L'Évangile de Pâques

Cette semaine, l'Église ne nous offre pas de lecture d'Écriture proprement dite. L'ami de la liturgie s'efforcera, pendant cette semaine, d'approfondir l' " Évangile des 40 jours ", c'est-à-dire les événements qui concernent la Résurrection du Seigneur. Il n'est pas facile de ramener les récits des quatre évangélistes, surtout ceux qui ont trait aux apparitions, à une concordance chronologique parfaite. Nous allons, dans l'exposé chronologique suivant, nous en tenir à l'opinion de la majorité des commentateurs.

La Résurrection elle-même n'eut aucun témoin mortel. Elle eut, sans doute, lieu de très bonne heure. Pour attester extérieurement le fait de la Résurrection, un ange roula la pierre qui fermait le tombeau; les gardes s'enfuirent. - Puis, les saintes femmes, avec Madeleine, viennent au tombeau et le trouvent vide. Madeleine, la plus décidée de toutes, retourne en hâte avertir Pierre et Jean. Pendant ce temps, les autres saintes femmes voient l'ange qui les envoie vers les disciples; mais elles se cachent. Puis, Jean, Pierre et Madeleine viennent au tombeau en courant (jean XX, i sq.). Ils trouvent le tombeau vide, mais découvrent des signes de la Résurrection (les linges pliés). Les disciples s'en vont, mais Madeleine demeure et est favorisée de la première apparition du Ressuscité. Pendant que les autres saintes femmes s'en retournent, jésus se montre à elles (Math.
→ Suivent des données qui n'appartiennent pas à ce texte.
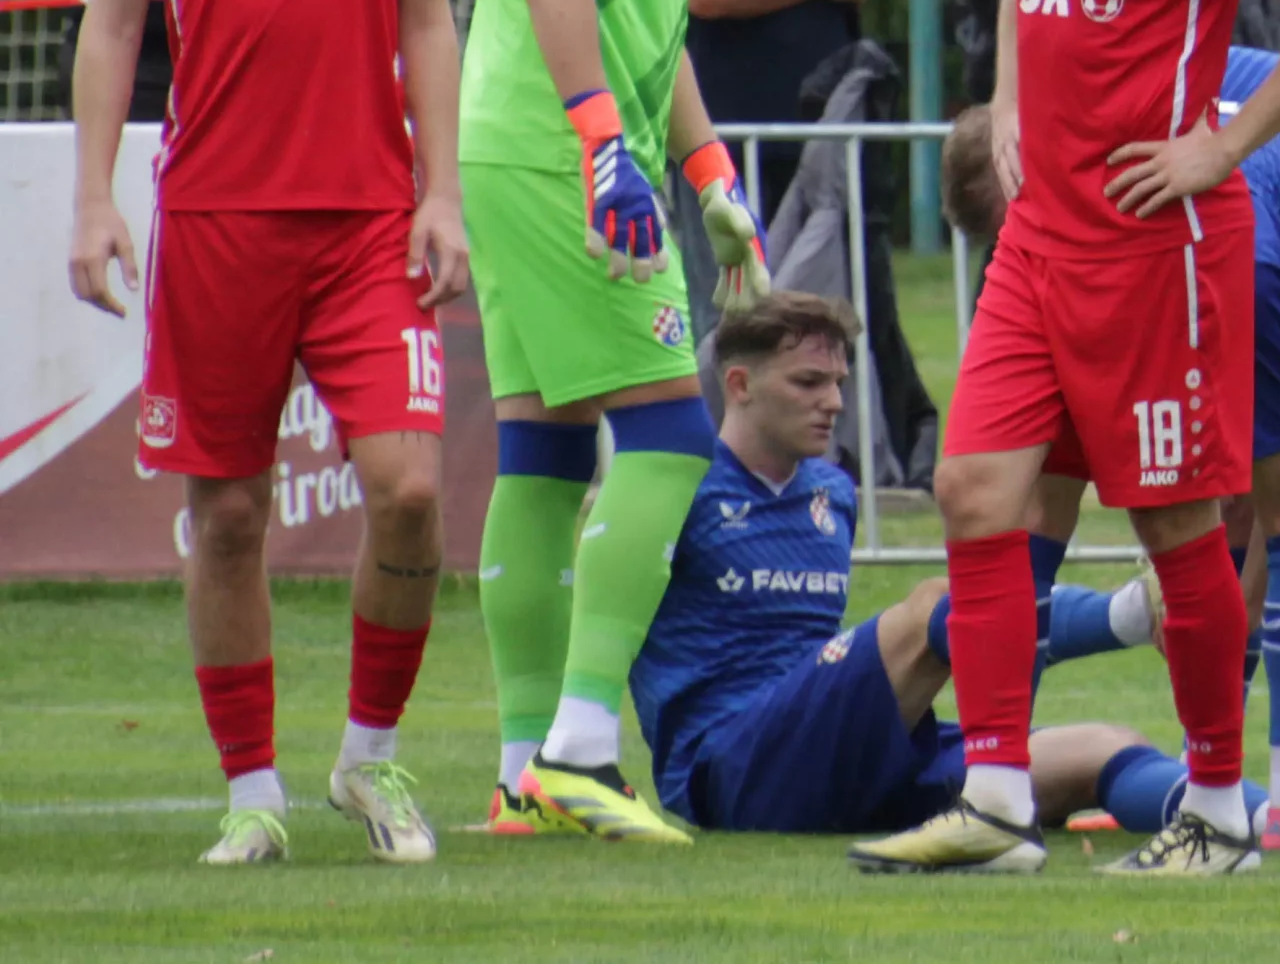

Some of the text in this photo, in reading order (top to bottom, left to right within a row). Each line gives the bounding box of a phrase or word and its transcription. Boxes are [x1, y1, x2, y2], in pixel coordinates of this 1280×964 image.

[401, 327, 441, 397] 16
[1133, 399, 1184, 469] 18
[1139, 469, 1178, 486] JAKO
XXIII, 8; seconde apparition); dans le cours de la journée, Jésus apparaît à Pierre qui, plus que les autres, avait besoin de consolation (troisième apparition). Dans l'après midi, a lieu l'apparition aux disciples d'Emmaüs qui est racontée tout au long (quatrième apparition; Luc XXIV; 13 sq.).

Ce récit est un des plus touchants de l'Écriture. Le soir, le Ressuscité apparaît à dix Apôtres et à beaucoup d'autres disciples dans la s'aile du Cénacle (Luc,XXIV, 36 sq; Jean XXI, 19 cinquième apparition). Huit jours après, a lieu une nouvelle apparition aux disciples, en présence de Thomas (sixième apparition). Les disciples s'en vont alors en Galilée où le Seigneur apparaît à sept d'entre eux, sur les bords du lac de Génésareth, pendant une pêche; Pierre est institué pasteur suprême (Jean, XXI, septième apparition). Enfin, le Seigneur donne rendez-vous à tous ses disciples (saint Paul parle de 5oo) sur une montagne en Galilée; il leur apparaît et leur donne l'ordre de mission (huitième apparition). La dernière apparition eut lieu au moment de l'Ascension. Nous ne savons pas si le Seigneur apparut d'autres fois à tous ses disciples ou à quelques-uns d'entre eux. Saint Paul signale encore une apparition à Jacques le Mineur. La plupart des commentateurs admettent que le Seigneur apparut tout d'abord à sa sainte Mère. L'Écriture n'en dit rien, mais le sentiment naturel semble l'exiger. - Il serait à désirer que les pasteurs profitent du temps pascal pour faire aux associations liturgiques quelques instructions sur ces événements. Ce serait non seulement instructif, mais édifiant. Ceux qui n'appartiennent à aucune association pourront se livrer à cette étude en leur particulier (peut-être en union avec une cérémonie pascale). L'" Évangile des quarante jours " est riche en consolations.